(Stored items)

---

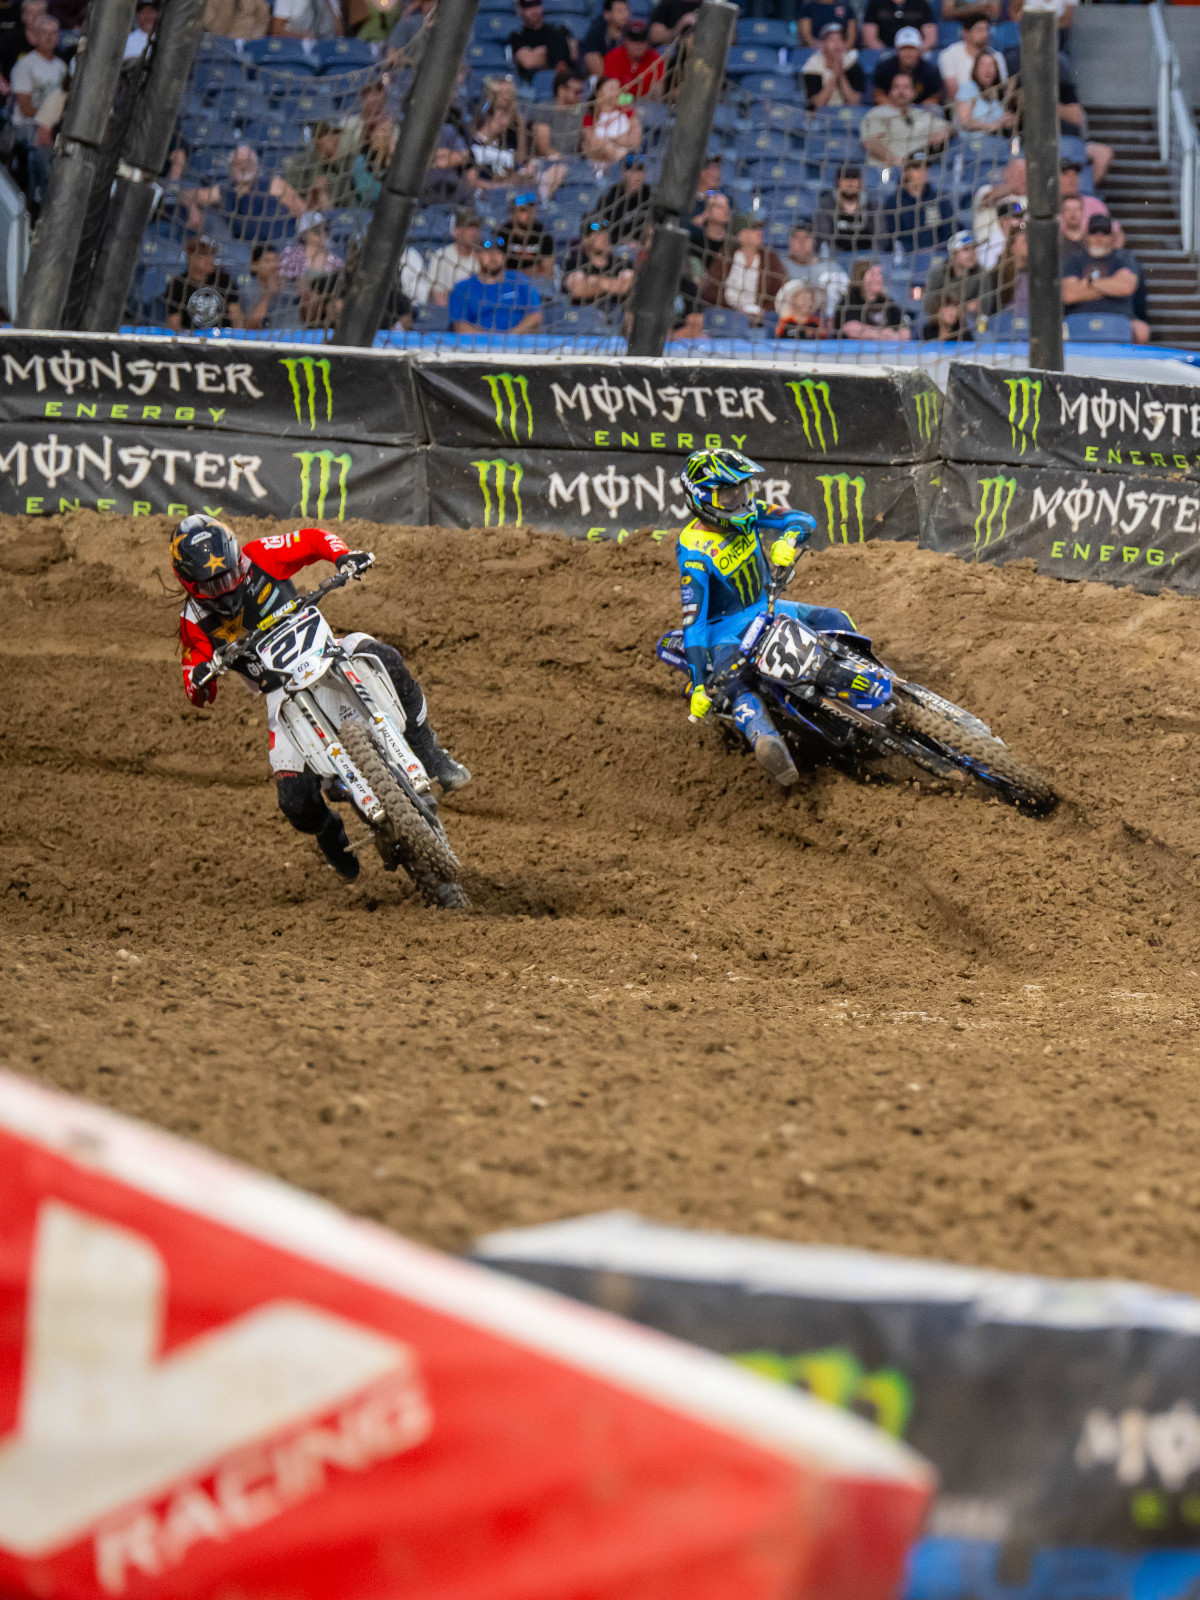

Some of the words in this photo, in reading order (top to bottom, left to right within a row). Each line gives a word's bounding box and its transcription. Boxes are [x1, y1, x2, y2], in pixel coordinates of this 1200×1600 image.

[2, 349, 264, 399] MONSTER
[44, 401, 226, 422] ENERGY
[550, 377, 777, 424] MONSTER
[594, 430, 748, 449] ENERGY
[270, 612, 320, 669] 27
[765, 618, 817, 681] 32
[95, 1375, 437, 1595] RACING
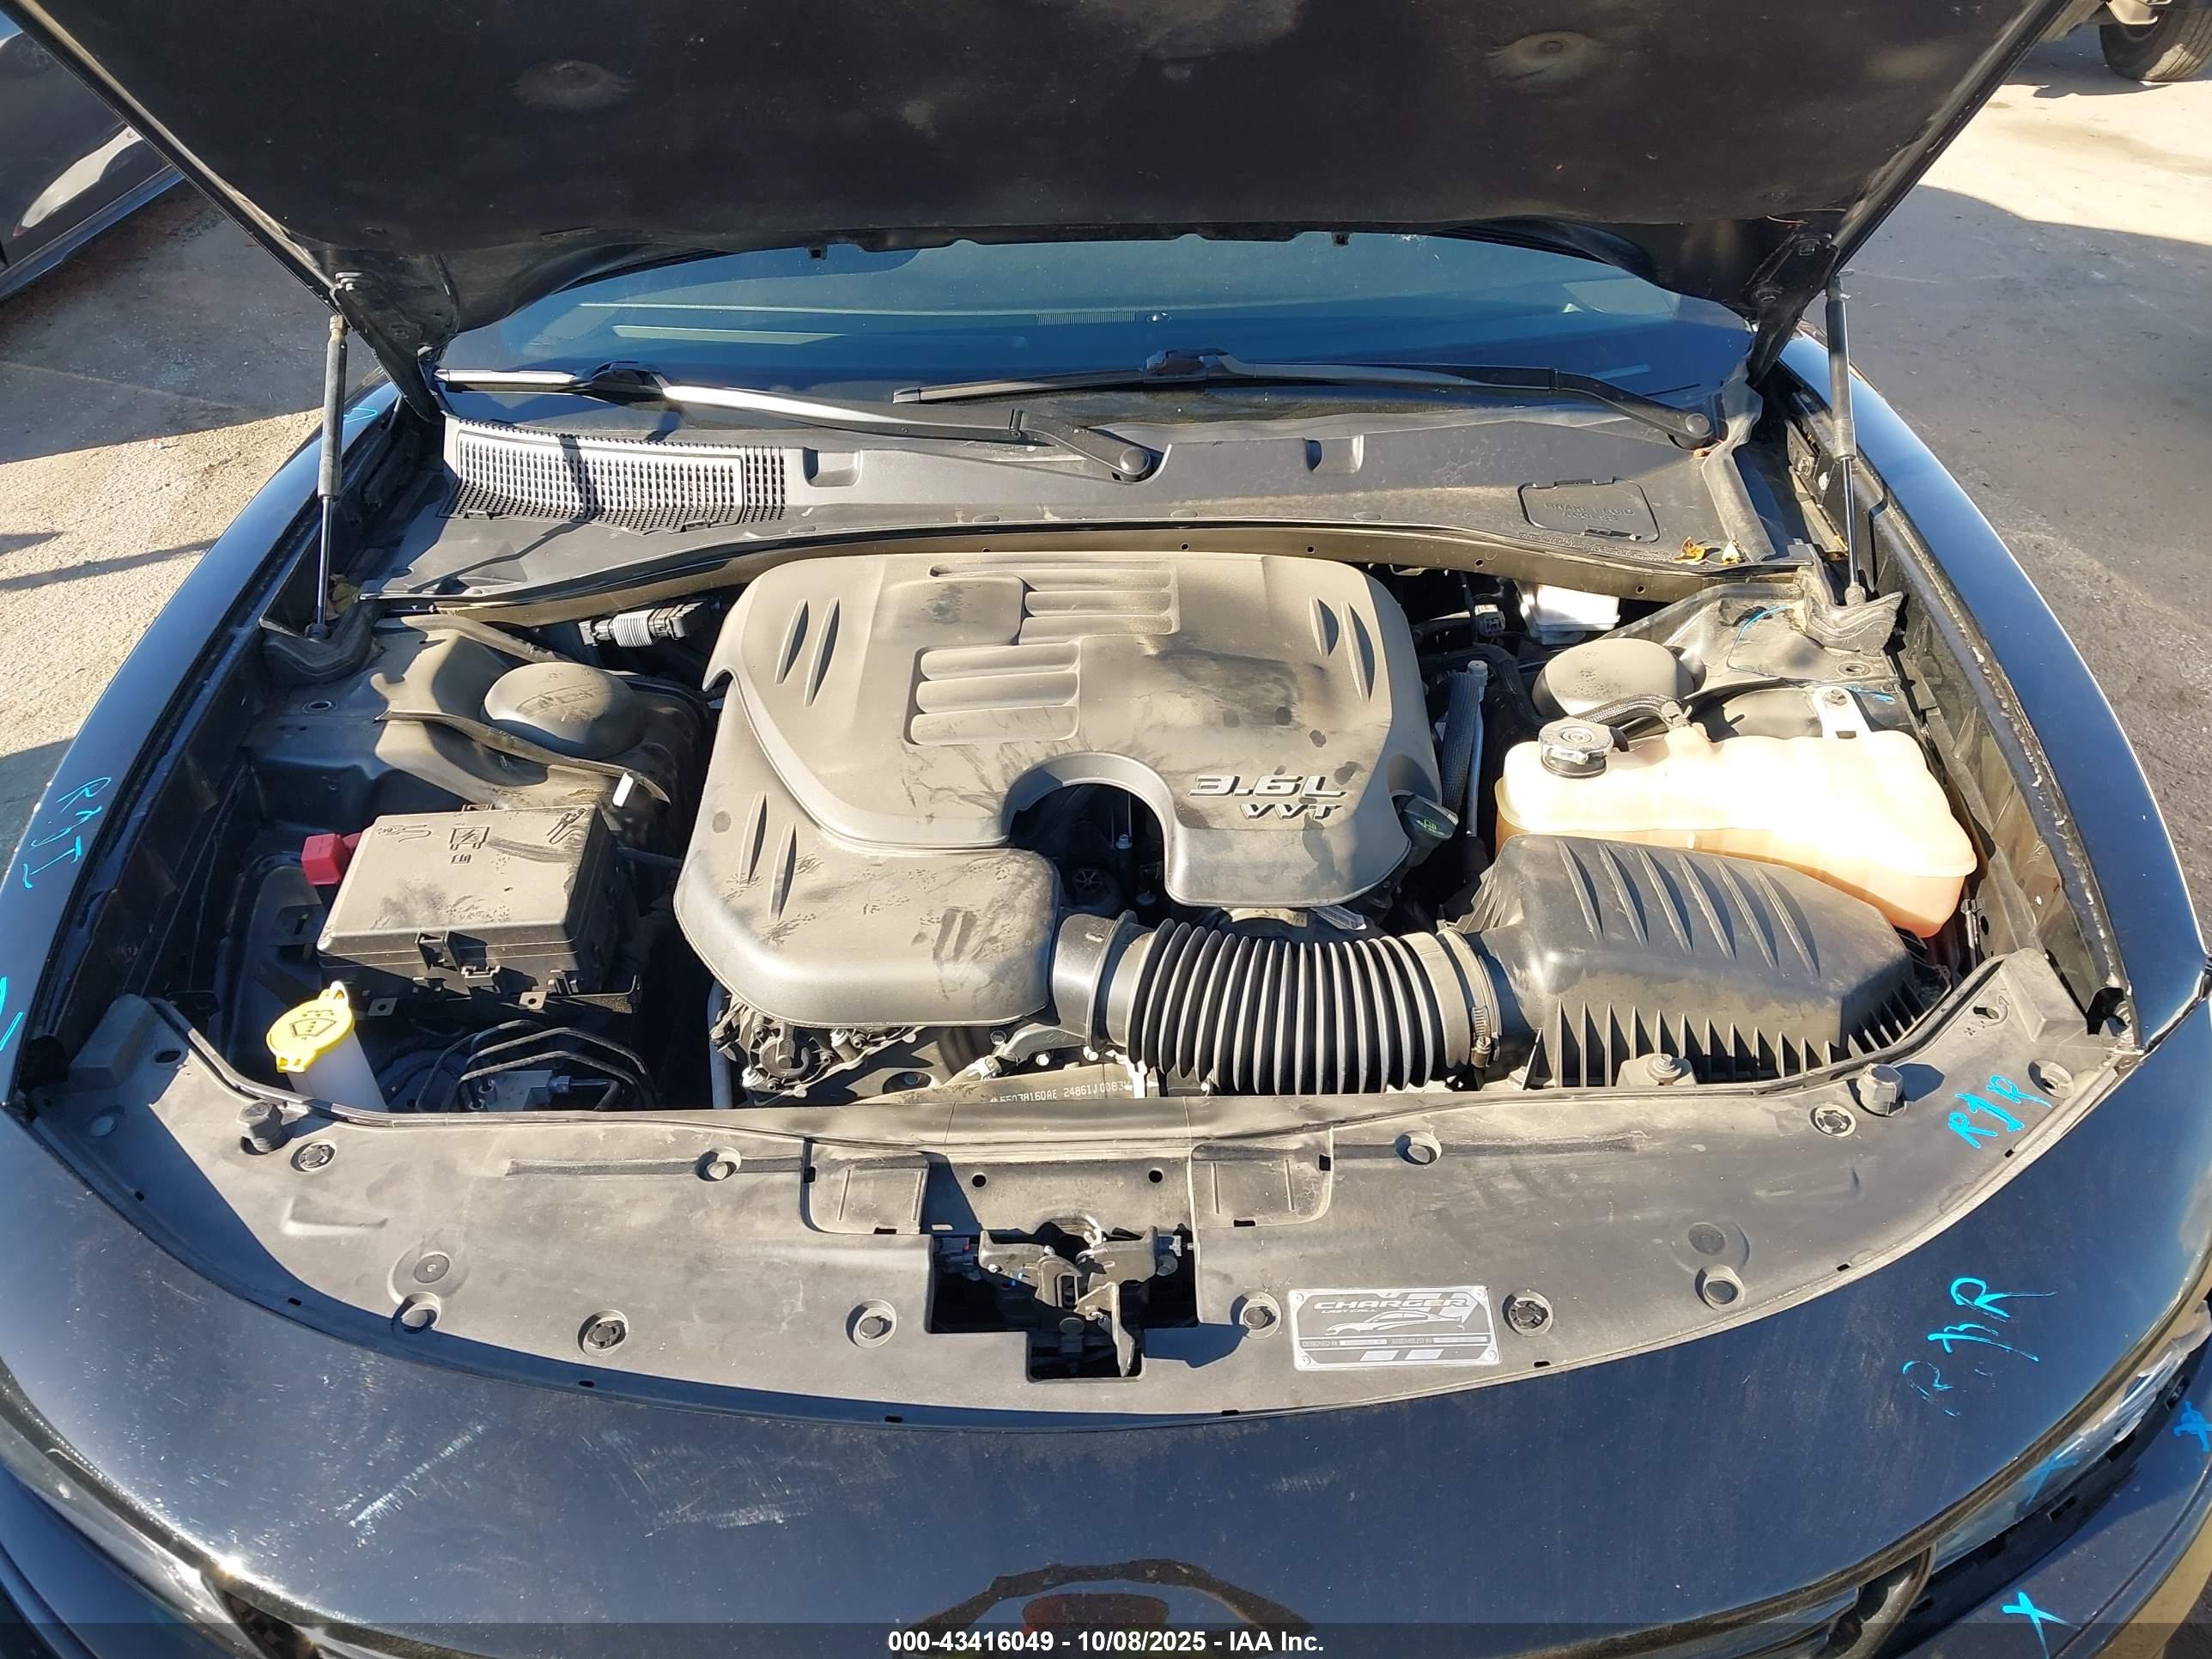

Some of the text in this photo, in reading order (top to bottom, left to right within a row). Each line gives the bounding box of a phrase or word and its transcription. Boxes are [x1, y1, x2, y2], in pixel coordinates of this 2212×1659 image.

[1188, 775, 1347, 797] 3.6L
[1240, 804, 1342, 819] VVT
[1314, 1299, 1470, 1310] CHARGER

---

# [What you have to do]
Write out exactly the lines that run from the one containing "Some of the text" to the end of the records, both end lines included.

# [Result of the task]
Some of the text in this photo, in reading order (top to bottom, left to right within a row). Each line gives the bounding box of a phrase or word and its transcription. Boxes are [x1, y1, x2, y2], in pixel coordinates of this 2212×1659 image.

[1188, 775, 1347, 797] 3.6L
[1240, 804, 1342, 819] VVT
[1314, 1299, 1470, 1310] CHARGER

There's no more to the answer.